Nikolaus Schneider, der Kur-Prediger von Prerow

Drei Wochen lang hat der ehemalige EKD-Ratsvorsitzende hat auf dem Darß gearbeitet – als Kurprediger. Bei einem Gemeindenachmittag sprechen Schneider und seine Frau Anne über Gott, den Tod und die Harmonie in einer langen Ehe.

Anne und Nikolaus Schneider vor dem Gemeindehaus von Prerow
Anne und Nikolaus Schneider vor dem Gemeindehaus von PrerowSybille Marx

Prerow. Nun fängt sie wieder damit an! Nikolaus Schneider, der ehemalige Ratsvorsitzende der Evangelischen Kirche in Deutschland (EKD), rollt mit den Augen. Gerade hat seine Frau Anne, die ehemalige Religionslehrerin mit dem wachen Blick und dem streitlustigen Mundwerk, wieder so einen Satz gesagt: Dass sie, wenn die Ärzte bei ihr im Juni feststellen würden, dass der Brustkrebs zurück sei und keine Chemo ihn auf Dauer vertreiben könnte – dass sie dann ihr Leben selbst beenden wolle.
„Ich glaube, dass mein Gott mir diese Freiheit gegeben hat“, sagt sie fest. Und weiß, dass ihr Mann es anders sieht. Schneider betrachtet den Zeitpunkt des Todes als ein „Tabu“, als etwas Unverfügbares, das der Mensch nicht anrühren darf.
Nikolaus und Anne Schneider.

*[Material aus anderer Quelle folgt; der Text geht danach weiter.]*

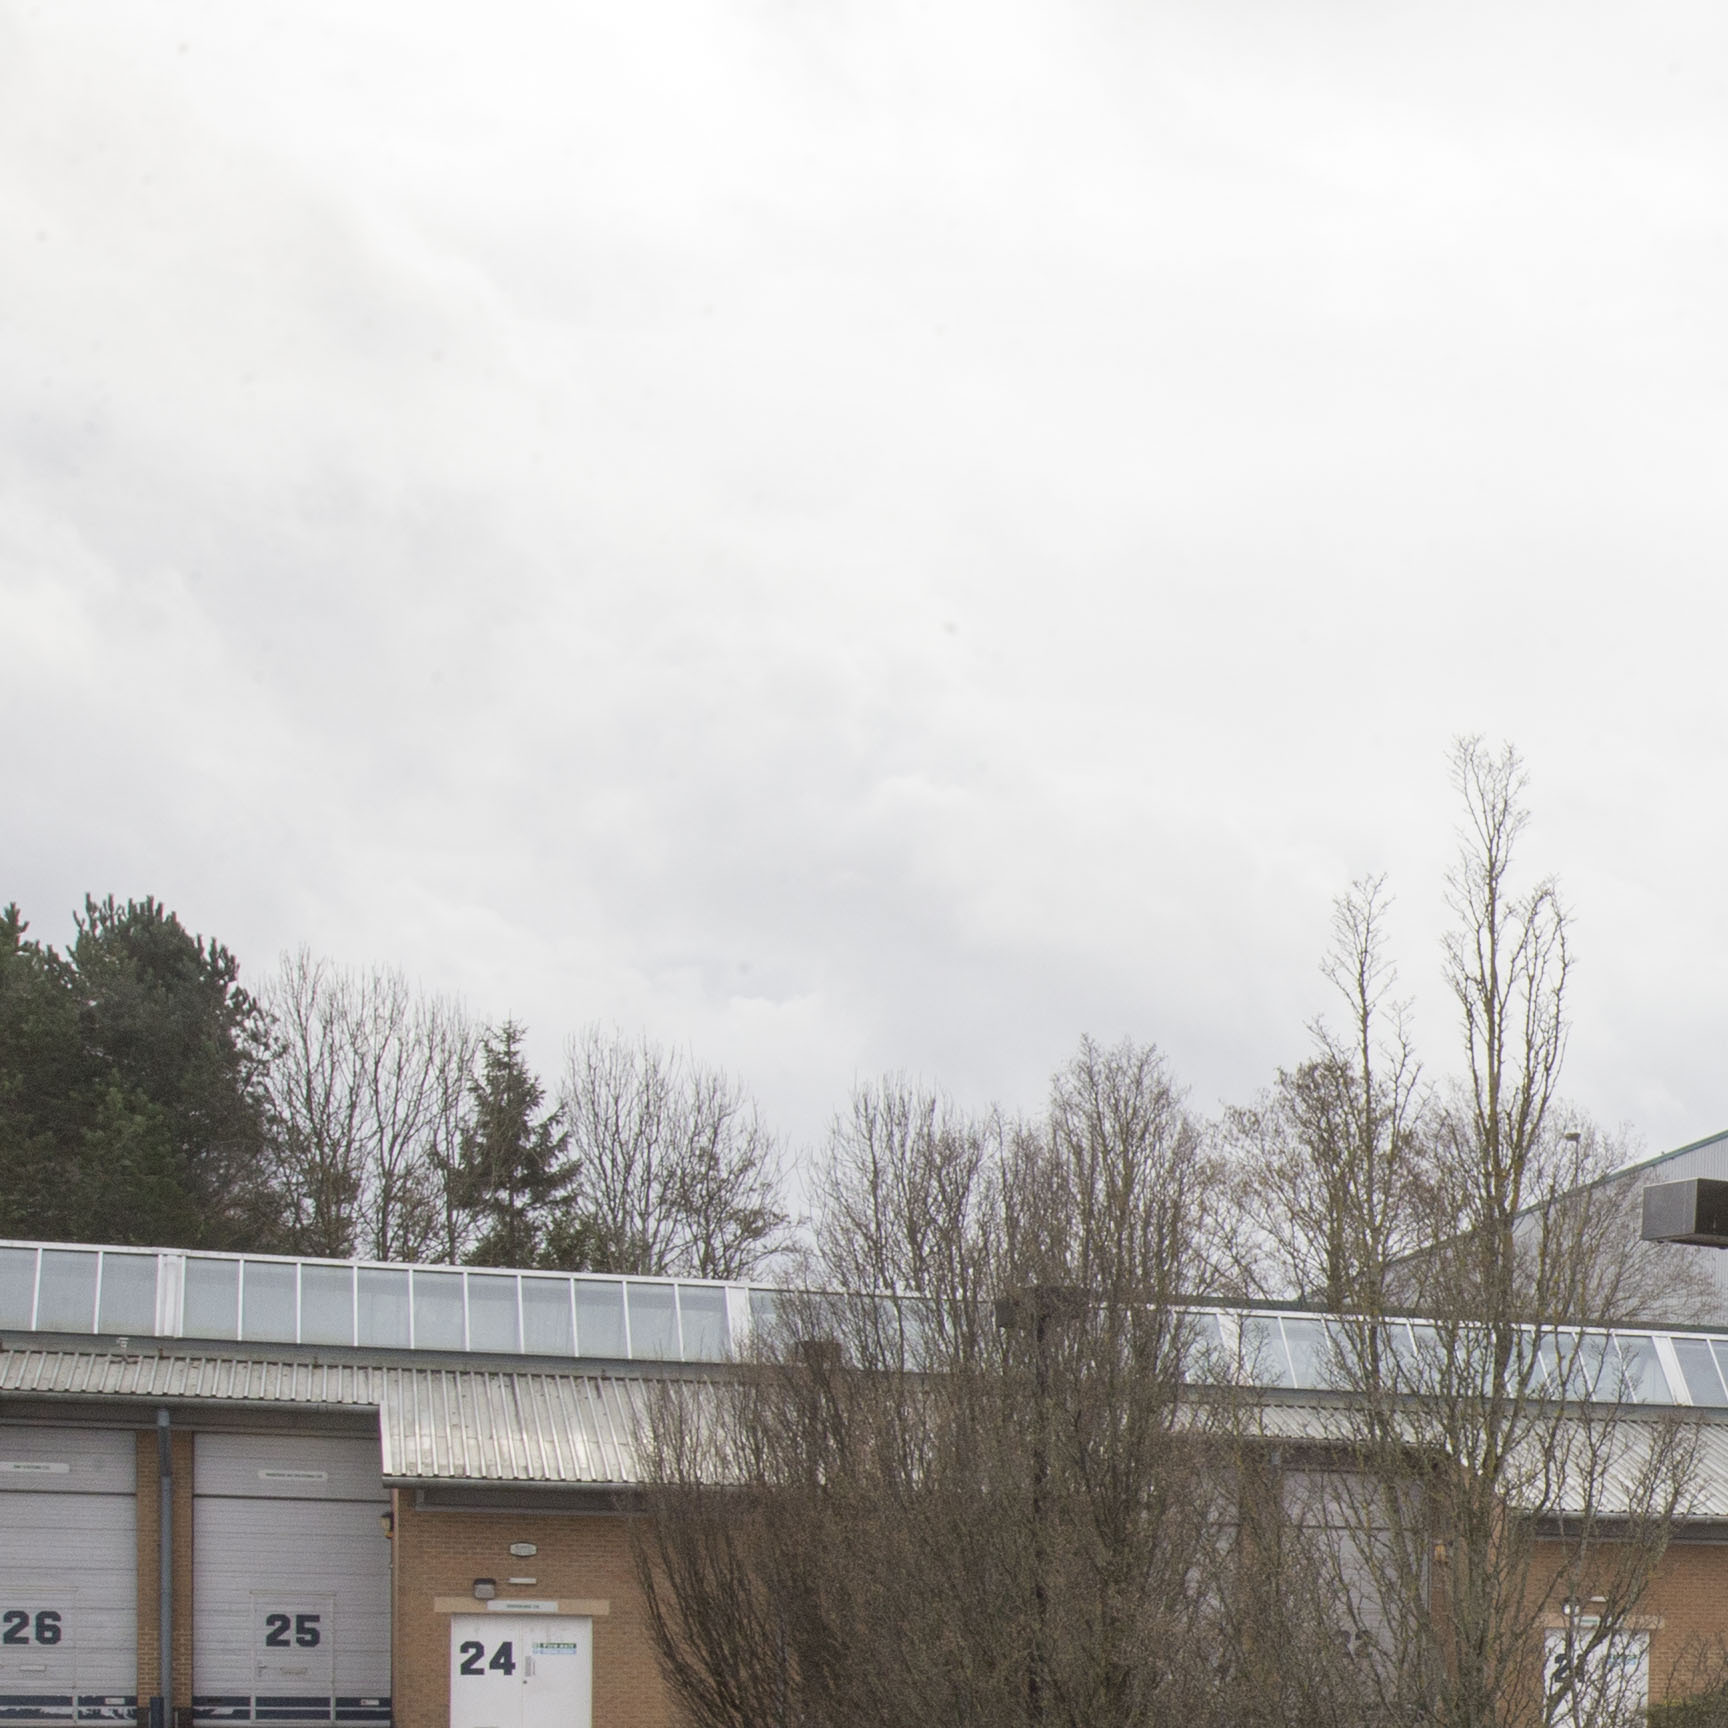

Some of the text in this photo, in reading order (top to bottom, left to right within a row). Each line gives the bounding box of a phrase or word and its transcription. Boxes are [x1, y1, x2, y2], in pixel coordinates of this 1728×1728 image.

[3, 1610, 62, 1645] 26
[266, 1613, 320, 1647] 25
[460, 1641, 516, 1676] 24

Vor etwa eineinhalb Jahren sorgten der damals noch oberste Repräsentant der rund 23 Millionen Protestanten in Deutschland und seine Frau für Schlagzeilen mit ihren Ansichten zur Sterbehilfe, jetzt sitzen die beiden Ruheständler im lichtdurchfluteten Gemeindehaus der evangelischen Kirche in Prerow auf dem Darß. In den vergangenen drei Wochen hat Schneider hier als Kurprediger gewohnt und gearbeitet, den Ortspastor entlastet, Gottesdienste und Vorträge gehalten, als Seelsorger mit Urlaubern und Anderen Gespräche geführt – und gerade eben einen Gemeindenachmittag mit seiner Frau gestaltet. Das Thema: Hoffnung in der Hoffnungslosigkeit.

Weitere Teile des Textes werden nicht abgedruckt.